=== Exercise details ===
Make a verbatim transcription of the records, without the pictures.

=== Materials provided ===
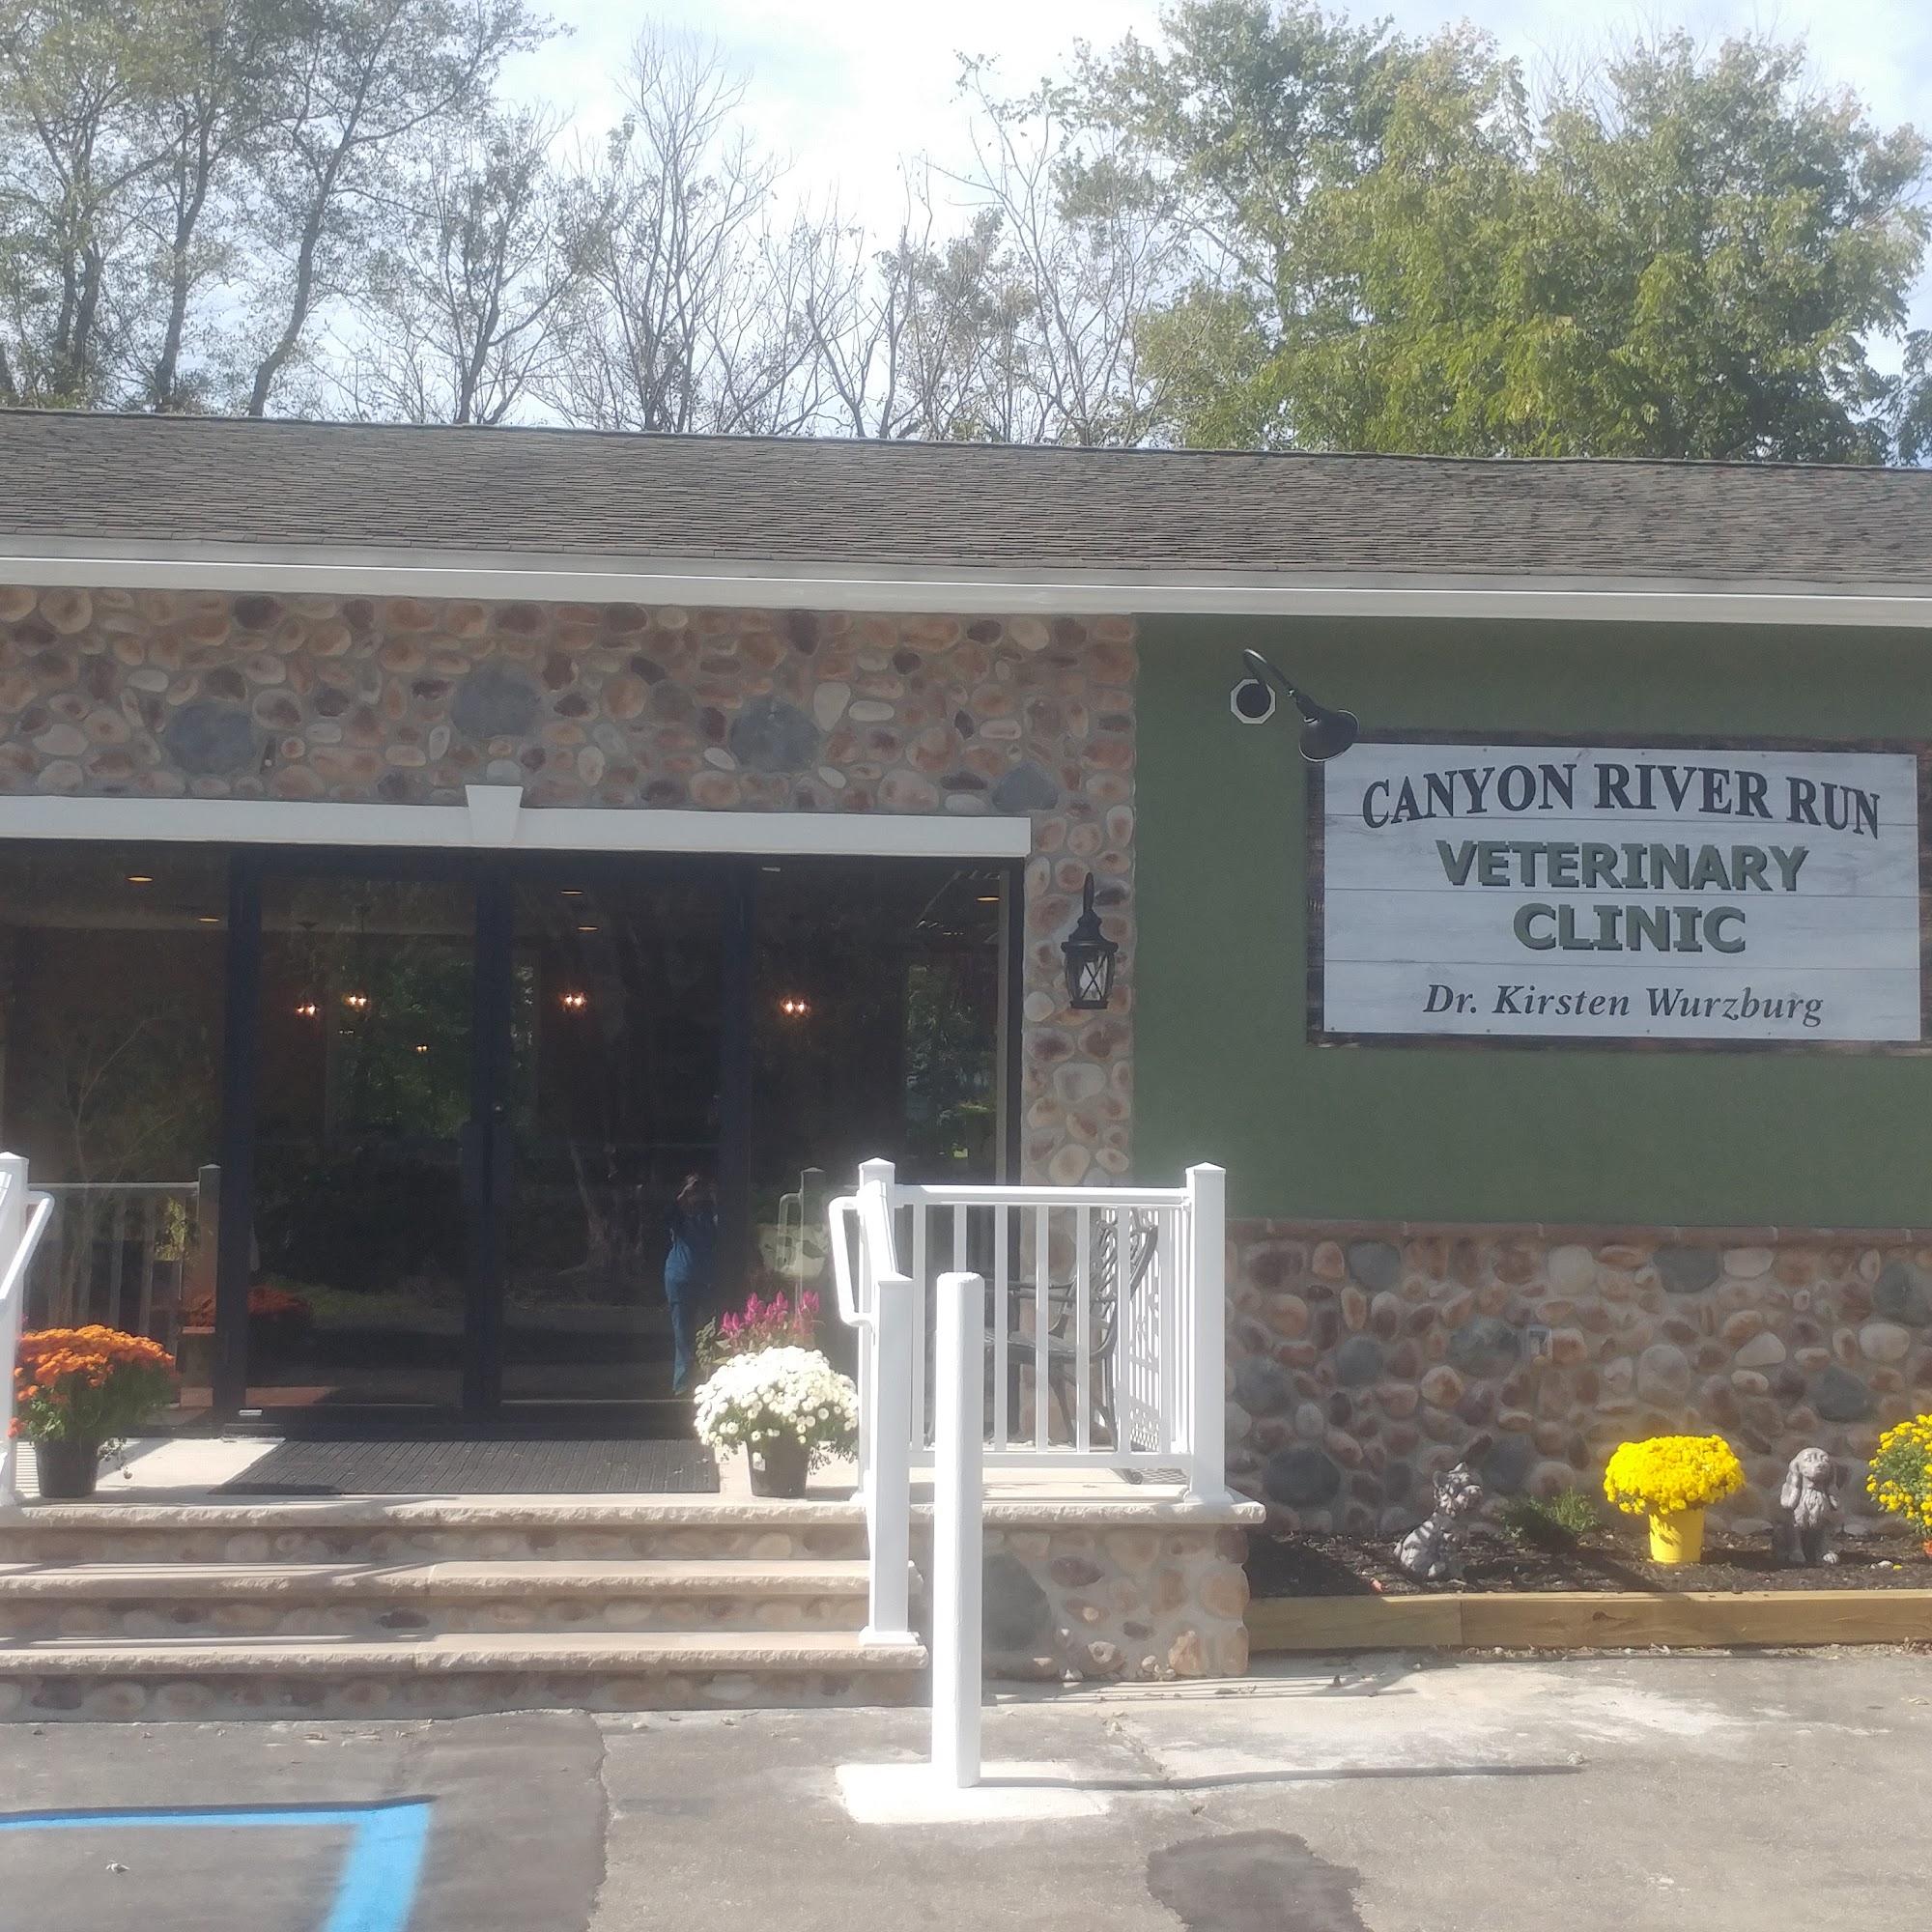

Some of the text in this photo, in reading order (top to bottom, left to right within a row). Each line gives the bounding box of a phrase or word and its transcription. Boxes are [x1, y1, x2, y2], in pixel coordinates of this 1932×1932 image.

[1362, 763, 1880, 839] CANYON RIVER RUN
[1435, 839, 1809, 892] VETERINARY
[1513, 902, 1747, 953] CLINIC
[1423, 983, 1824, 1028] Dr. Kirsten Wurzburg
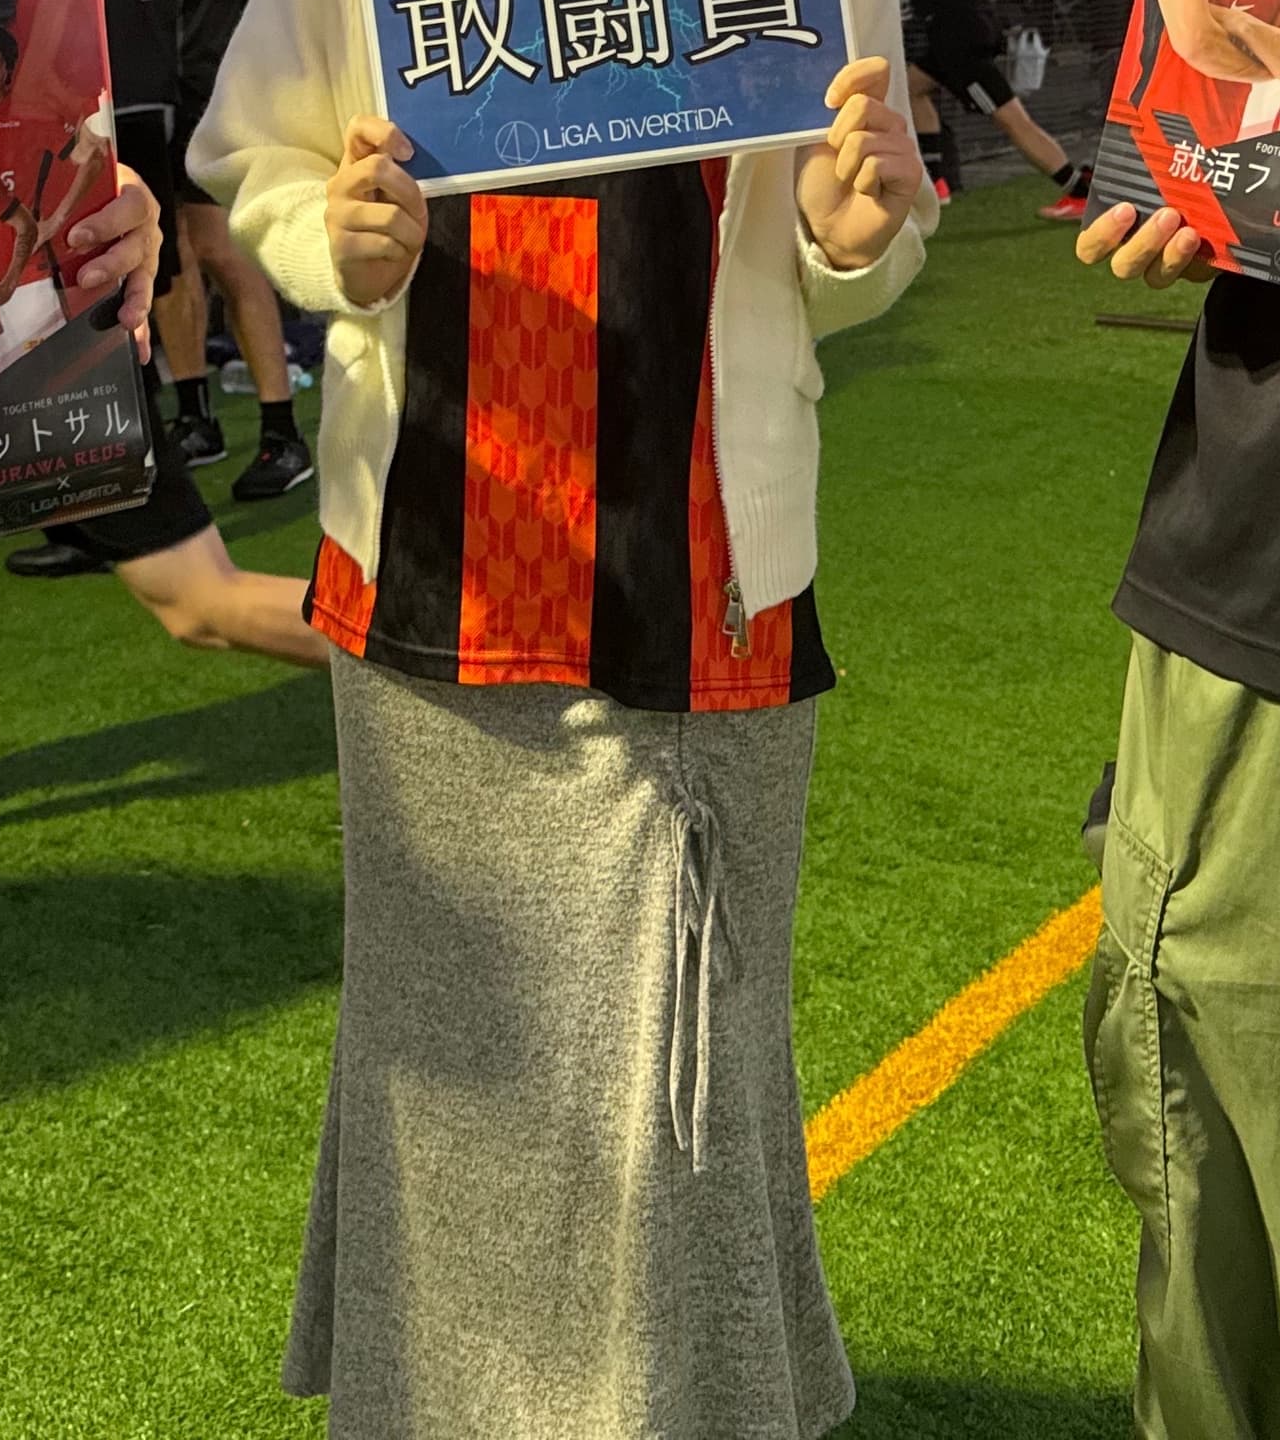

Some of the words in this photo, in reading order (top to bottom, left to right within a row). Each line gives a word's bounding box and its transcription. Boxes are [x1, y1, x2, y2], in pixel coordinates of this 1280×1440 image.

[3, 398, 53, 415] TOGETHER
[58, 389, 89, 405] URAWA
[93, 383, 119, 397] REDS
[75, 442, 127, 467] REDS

=== The completed task ===
Some of the text in this photo, in reading order (top to bottom, left to right within a row). Each line gives the bounding box of a phrase or word and its transcription. Boxes are [x1, y1, x2, y2], in pixel coordinates of this 1932×1932 image.

[1362, 763, 1880, 839] CANYON RIVER RUN
[1435, 839, 1809, 892] VETERINARY
[1513, 902, 1747, 953] CLINIC
[1423, 983, 1824, 1028] Dr. Kirsten Wurzburg

Some of the words in this photo, in reading order (top to bottom, left to right within a row). Each line gives a word's bounding box and its transcription. Boxes are [x1, y1, x2, y2], in pixel coordinates of this 1280×1440 image.

[3, 398, 53, 415] TOGETHER
[58, 389, 89, 405] URAWA
[93, 383, 119, 397] REDS
[75, 442, 127, 467] REDS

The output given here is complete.